Aubergine and Onion Vegetable Pie

A vegetable pie using tomatoes, aubergines (eggplant), onions, and mushrooms. You can make vegetable pie with many kinds of vegetables.


For 4 or 5 persons, here are the ingredients:
250 g (1 cup) of flour
100 g (0.4 cups) of medium soft butter (leave it out for a half-hour before making the crust)
1 egg
some lukewarm water
a pinch of salt

1 or 2 aubergines (eggplants)
1 or 2 onions
4 tomatoes
150 g (0.6 cups) of mushrooms
some grated cheese
some milk
an egg yolk
near the end, some fresh cream


Pour the flour into a large bowl.
Add the portions of butter.
Knead everything until the pastry is nearly consistent.
Add the egg, then some water bit by bit while working the pastry with your hands until it becomes soft and smooth.
It should not be sticky, and it should look shiny and medium yellow.

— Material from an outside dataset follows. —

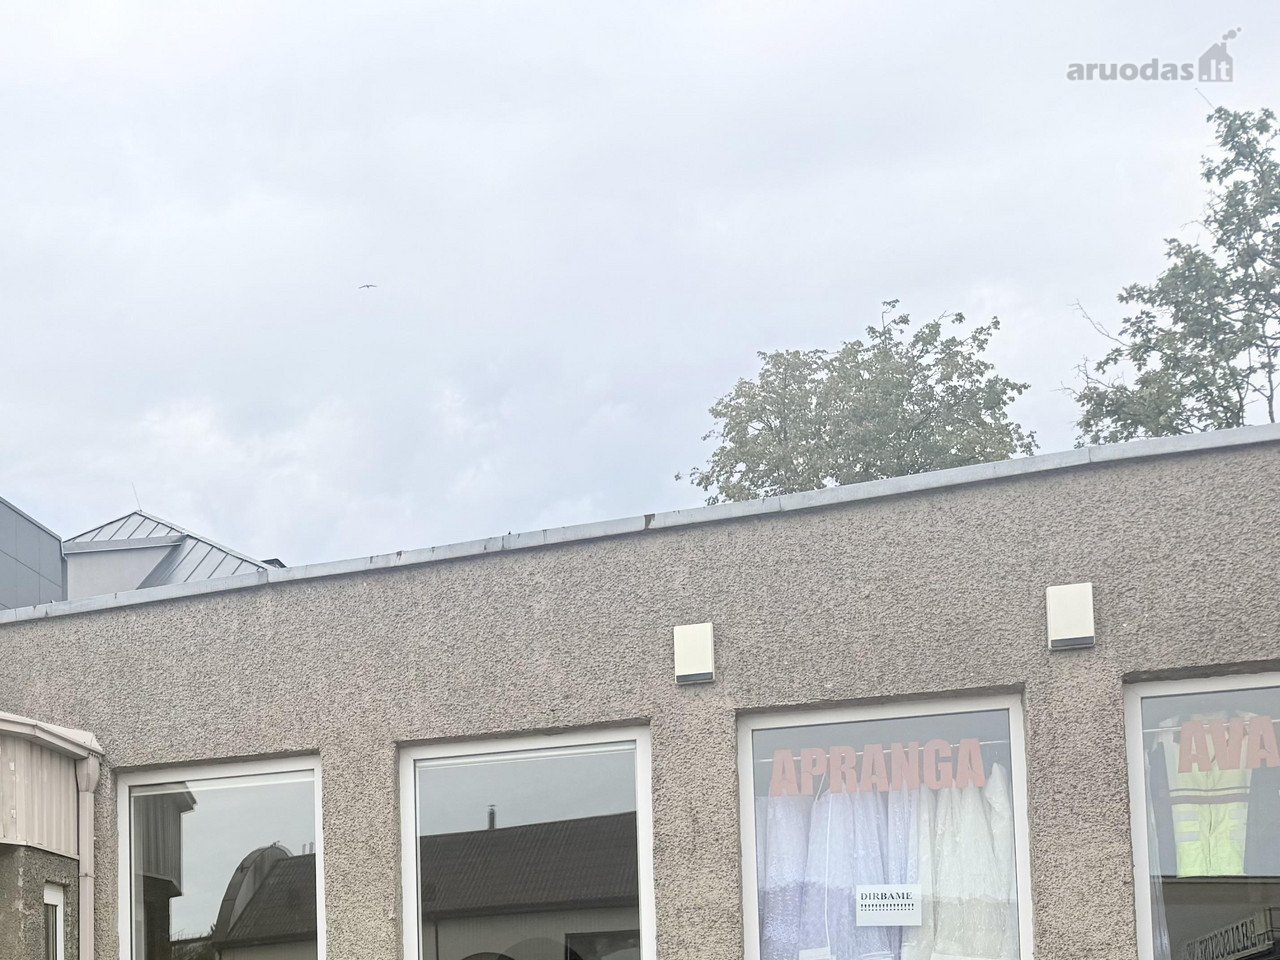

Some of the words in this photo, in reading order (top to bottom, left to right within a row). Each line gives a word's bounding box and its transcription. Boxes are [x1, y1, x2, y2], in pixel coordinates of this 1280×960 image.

[769, 737, 986, 797] APRANGA
[1178, 714, 1280, 774] AVA
[860, 892, 913, 901] DIRBAME

Cut the vegetables into thin slices.
Brown the vegetables in oil or butter, or you may steam them.
Begin with the onions and aubergines (eggplant), then the mushrooms.
Keep the tomatoes raw.

Putting it together
Butter the pie pan and shape the pastry into the pan.
Pre-heat the crust for about 10 minutes at medium heat after making small holes in the base of the pan.
So the pastry does not swell up, place some aluminum foil in a curved shape over the pastry.
Once the pastry is precooked take it out of the oven and arrange the cooked vegetables over the crust in whatever arrangement pleases you.
In a bowl, mix the egg yolk with some milk and a bit of fresh cream, then pour the mixture on top of the vegetables.
Cover with grated cheese.
Cook for 15 to 20 minutes at medium heat.

Some facts about eggplant :

Eggplant (also known as aubergine) is a shiny bulbous vegetable in the nightshade family that comes in green, white, or, more commonly, purple.

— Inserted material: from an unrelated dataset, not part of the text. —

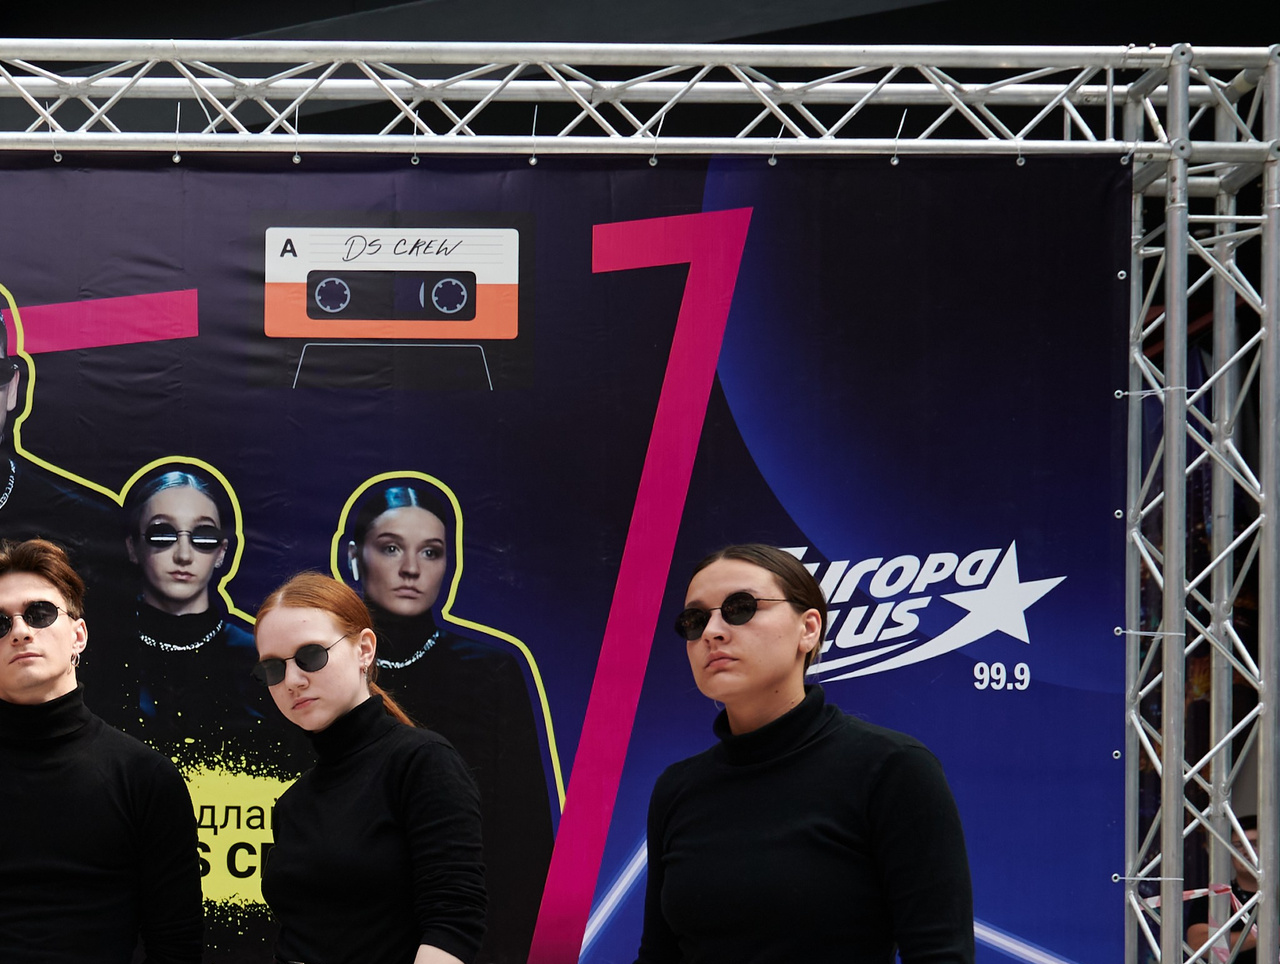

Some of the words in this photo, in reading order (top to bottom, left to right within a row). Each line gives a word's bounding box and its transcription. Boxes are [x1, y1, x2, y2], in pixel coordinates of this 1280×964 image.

[279, 238, 298, 258] A
[342, 235, 382, 262] DS
[393, 238, 463, 257] CREW
[973, 662, 1031, 691] 99.9

The eggplant itself is actually a berry, and its edible watertight skin and disc-like seeds show clearly its similarity to peppers and tomatoes. Unlike its cousins, however, the eggplant has a firm, dense flesh that is too bitter to eat raw. Eggplants range in size from large purple gourds bigger than a person's hand to tiny marble-sized green Asian eggplants.

The smaller varieties are said to be less bitter and to need less preparation. Many people find eggplant to be an acquired taste. Its versatility leads to eggplant dishes in many different cuisines, from Japan to India to Italy.